Die juristische Presseschau vom 4. November 2016: Umweg für Brexit / Ver­stän­di­gung zu PKW-Maut / Umgang für Väter

04.11.2016

Exit vom Brexit? Ein Londoner Gericht verpflichtet Regierung, das Parlament an der Austrittsentscheidung zu beteiligen. Außerdem in der Presseschau: Absprache zu PKW-Maut, der BGH stärkt das Umgangsrecht leiblicher Väter.

Thema des Tages

Brexit und Parlamentsrechte: Nach dem bisherigen Plan der britischen Premierministerin Theresa May sollte die EU bis zum kommenden März offiziell über den Austrittswunsch des Vereinigten Königreichs unterrichtet werden. Die nach Art. 50 des EU-Vertrages vorgesehenen Verhandlungen über die Modalitäten hätten sich hieran angeschlossen. Wie unter anderem die taz (Dominic Johnson) berichtet, steht dieser Zeitplan nun in Frage. Der Londoner High Court entschied, dass das Austrittsverfahren nicht ohne Zustimmung des Parlaments in Gang gesetzt werden dürfe. Die Mehrheit der Unterhaus-Mitglieder hatte sich zumindest vor der Abstimmung im Juni gegen einen Brexit ausgesprochen. Das Gericht habe die Annahme einer sogenannten "royal prerogative", die der Regierung speziell in außenpolitischen Themen ein Exekutivrecht einräume, verneint, erläutert die FAZ (Jochen Buchsteiner). Die Regierung habe bislang eine Parlamentsbeteiligung wegen einer Schwächung ihrer Verhandlungsposition gegenüber der EU abgelehnt. Sie wolle in der Sache nun den Supreme Court anrufen.

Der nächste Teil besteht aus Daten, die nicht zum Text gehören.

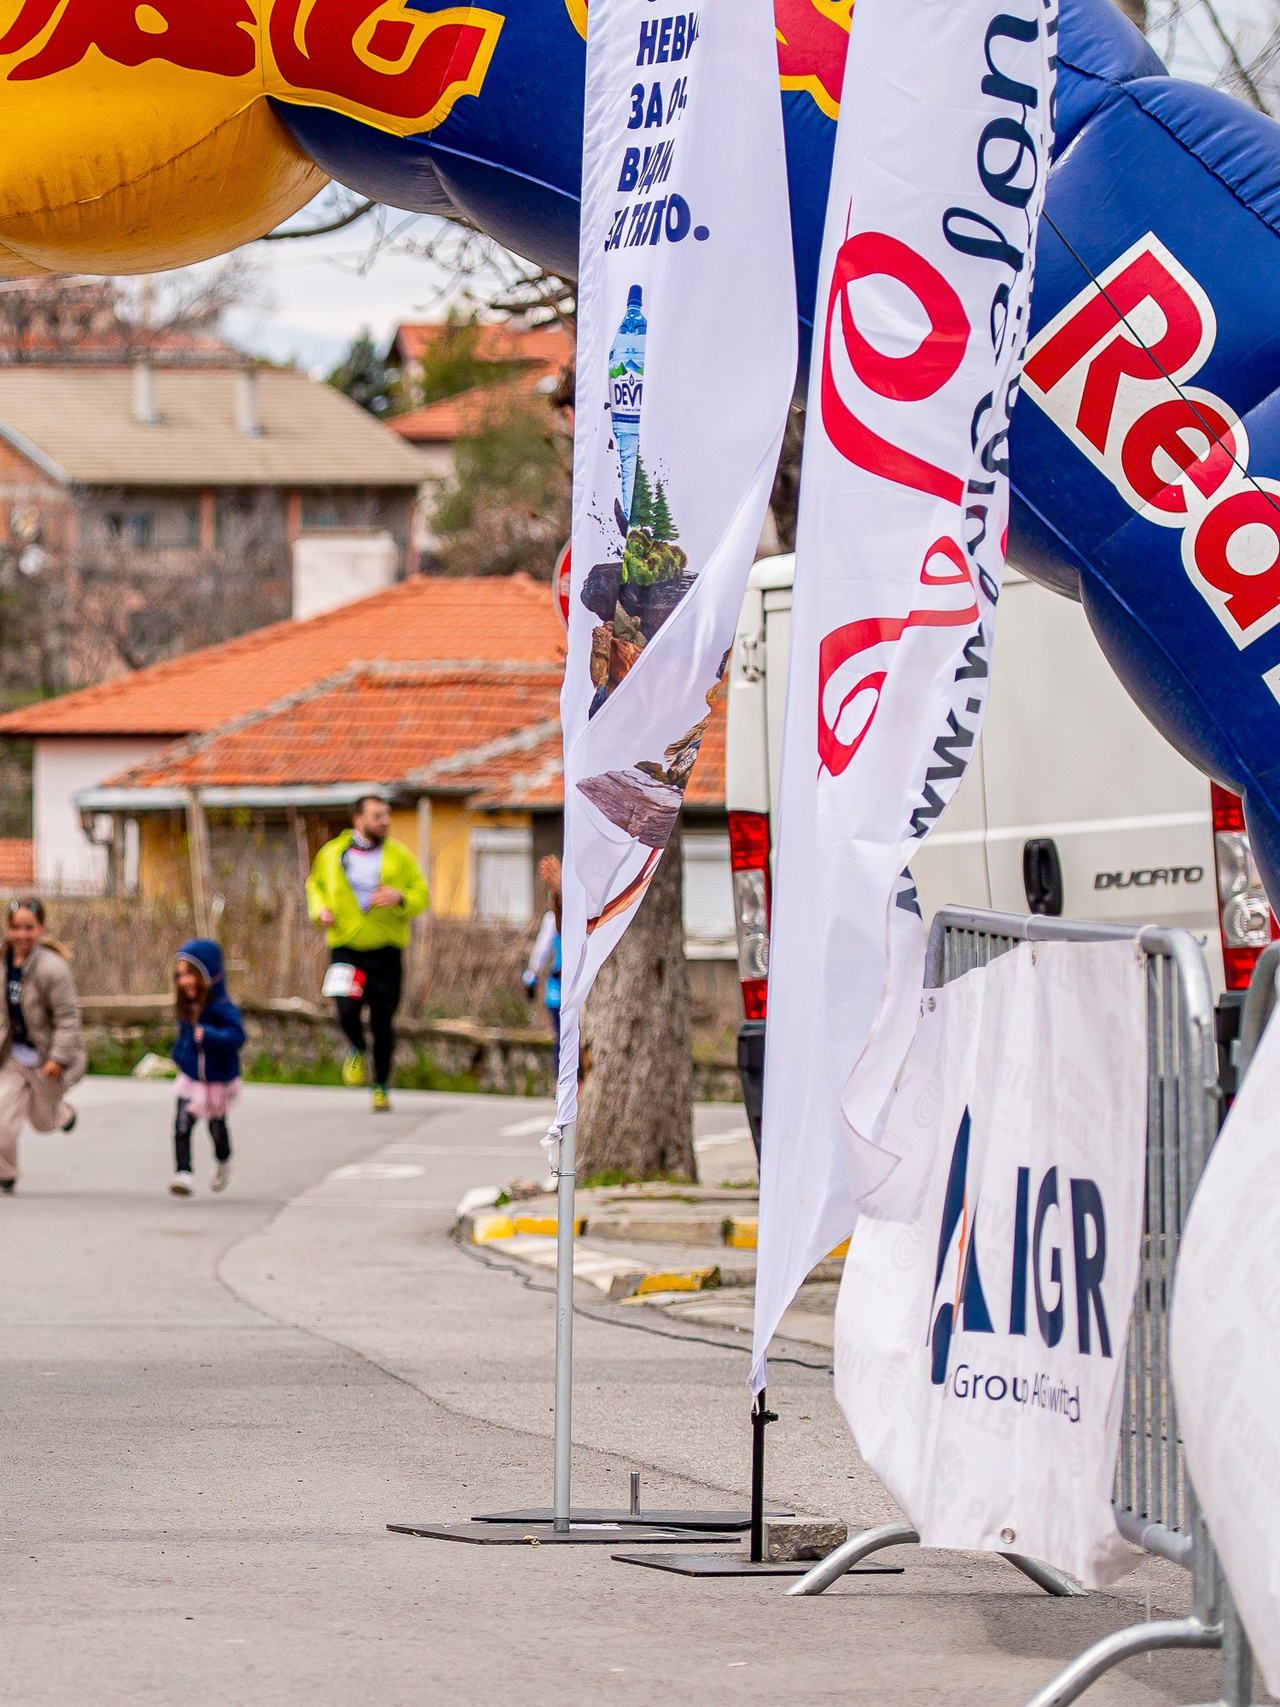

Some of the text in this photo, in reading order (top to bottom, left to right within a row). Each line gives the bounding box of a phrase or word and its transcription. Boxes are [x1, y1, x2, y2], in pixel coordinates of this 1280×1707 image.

Hintergrundberichte von spiegel.de (Christoph Scheuermann/Markus Becker) und Welt (Andre Tauber) stellen klar, dass sich gleichwohl an der grundsätzlichen Entscheidung für den EU-Ausstieg nichts ändern dürfte. Analysen der Entscheidung bringen Rechtsprofessor Jo Murkens auf verfassungsblog.de, Hochschuldozent Tobias Lock auf verfassungsblog.de, beide in englischer Sprache, und der wissenschaftliche Mitarbeiter Roman Kaiser auf verfassungsblog.de.

Nach dem Leitartikel von Nikolas Busse (FAZ) ist das "unglückliche Agieren" der Premierministerin "ein Lehrstück dafür, dass Ja/Nein-Referenden nicht automatisch gesellschaftlichen Frieden stiften". Dies solle auch "Freunden der direkten Demokratie" in Deutschland zu denken geben.

Rechtspolitik

PKW-Maut: Der FAZ (Michael Stabenow) hat eine Sprecherin der Europäischen Kommission bestätigt, dass eine Verständigung mit dem Bundesverkehrsministerium über die Einführung einer PKW-Maut in  noch in diesem Monat erreicht werden könne. Der Zeitplan für die Einführung der Maut ist nach dem Bericht von spiegel.de (Markus Becker) allerdings eng bemessen. Der erzielte Kompromiss erfordere unter anderem eine Abstimmung im Bundestag.

Quote für Anwälte am BVerfG: Der Vorschlag, freiwerdende Richterstellen am Bundesverfassungsgericht quotenmäßig auch mit Anwälten zu besetzen, wird im neuen lto-Podcast (Michael Reissenberger) von BRAK-Präsident Ekkehart Schäfer und DAV-Präsident Ulrich Schellenberg erläutert.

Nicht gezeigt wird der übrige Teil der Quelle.